Mixed precision training + numerical stability for Pytorch + Pennylane?

Hi there! I was reading about mixed precision training in Pytorch. Basically, Pytorch can perform some operations with lower precision (eg automatically cast to 16 instead of 32 bit) to speed up computation, and it’s been applied successfully to classical neural networks.

I have tested some Pennylane circuits with Pytorch and have found that they do train faster with mixed precision. The caveat is that mixed-precision is not recommended when numerical stability is required due to the smaller dynamic range of lower precision floats.

Here are my questions:

  1. Which of the quantum operations implemented in Pennylane and other device backends are numerically (un)stable?
  2. How would numeric instability in Pennylane impact the correctness of such operations?
  3. Would you recommend mixed precision training with Pennylane?
1 Like

Hey @schance995 , that’s definitely an interesting question – thanks for popping it in here. :slight_smile:

I can’t give you great answers right away, but I’m checking in with the team and we’ll get back to you soon!

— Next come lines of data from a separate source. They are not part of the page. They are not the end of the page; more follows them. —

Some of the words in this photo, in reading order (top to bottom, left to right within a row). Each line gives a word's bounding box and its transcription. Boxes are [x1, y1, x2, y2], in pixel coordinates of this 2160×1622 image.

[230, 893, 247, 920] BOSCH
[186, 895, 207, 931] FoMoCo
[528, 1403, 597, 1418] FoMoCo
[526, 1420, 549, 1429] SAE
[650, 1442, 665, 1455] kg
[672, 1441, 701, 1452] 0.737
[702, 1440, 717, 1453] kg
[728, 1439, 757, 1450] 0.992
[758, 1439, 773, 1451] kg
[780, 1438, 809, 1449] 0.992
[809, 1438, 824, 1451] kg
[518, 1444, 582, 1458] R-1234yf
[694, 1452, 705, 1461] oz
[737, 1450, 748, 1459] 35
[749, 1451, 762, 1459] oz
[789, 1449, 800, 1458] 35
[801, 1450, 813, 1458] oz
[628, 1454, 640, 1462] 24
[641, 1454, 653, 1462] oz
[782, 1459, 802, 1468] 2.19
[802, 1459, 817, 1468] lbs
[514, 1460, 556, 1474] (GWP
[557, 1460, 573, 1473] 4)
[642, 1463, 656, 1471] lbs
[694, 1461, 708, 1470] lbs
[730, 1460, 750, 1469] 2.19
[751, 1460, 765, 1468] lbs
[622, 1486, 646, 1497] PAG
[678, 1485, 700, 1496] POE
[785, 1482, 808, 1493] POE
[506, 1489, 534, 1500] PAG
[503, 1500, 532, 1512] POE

Hi @schance995 , as you can imagine, the answers to your questions can really depend on what you’re trying to do, but here are some general considerations that might make it simpler, as shared by our developers. :slight_smile:

PennyLane uses FP64 as default, and if you try to downcast something to a lower precision, something else through the stack gets upcast in turn. In this sense, you don’t have to be too worried about numerical instability in PennyLane. For general-purpose deep circuits, and unless you have absolutely massive circuits, floating point rounding errors shouldn’t be an issue.

Of course, this comes with some fairly normal caveats: are you using very small angles or some more exotic calculations with density matrices, entropies? In cases where you’re dealing with standard gate operations, you should be good to go.

Does this help? As you can imagine, it would be a bit of a larger undertaking to figure out the effects of specific lower-precision formats and we don’t have a speedy answer for you.
But we would love to know about your conclusions as you play around with PennyLane, so please let us know how it goes. :smiley:

2 Likes

Here’s a brief follow-up on this. It is not currently possible to get significant savings from mixed precision. As an example, here’s the initializer for default.qubit.jax:

def __init__(self, wires, *, shots=None, prng_key=None, analytic=None):
    if jax.config.read("jax_enable_x64"):
        c_dtype = jnp.complex128
        r_dtype = jnp.float64
    else:
        c_dtype = jnp.complex64
        r_dtype = jnp.float32

Although r_dtype could be cast to float16, c_dtype cannot be cast into anything smaller. Numpy and Jax don’t currently support complex32. So mixed precision with Pennylane will have to wait.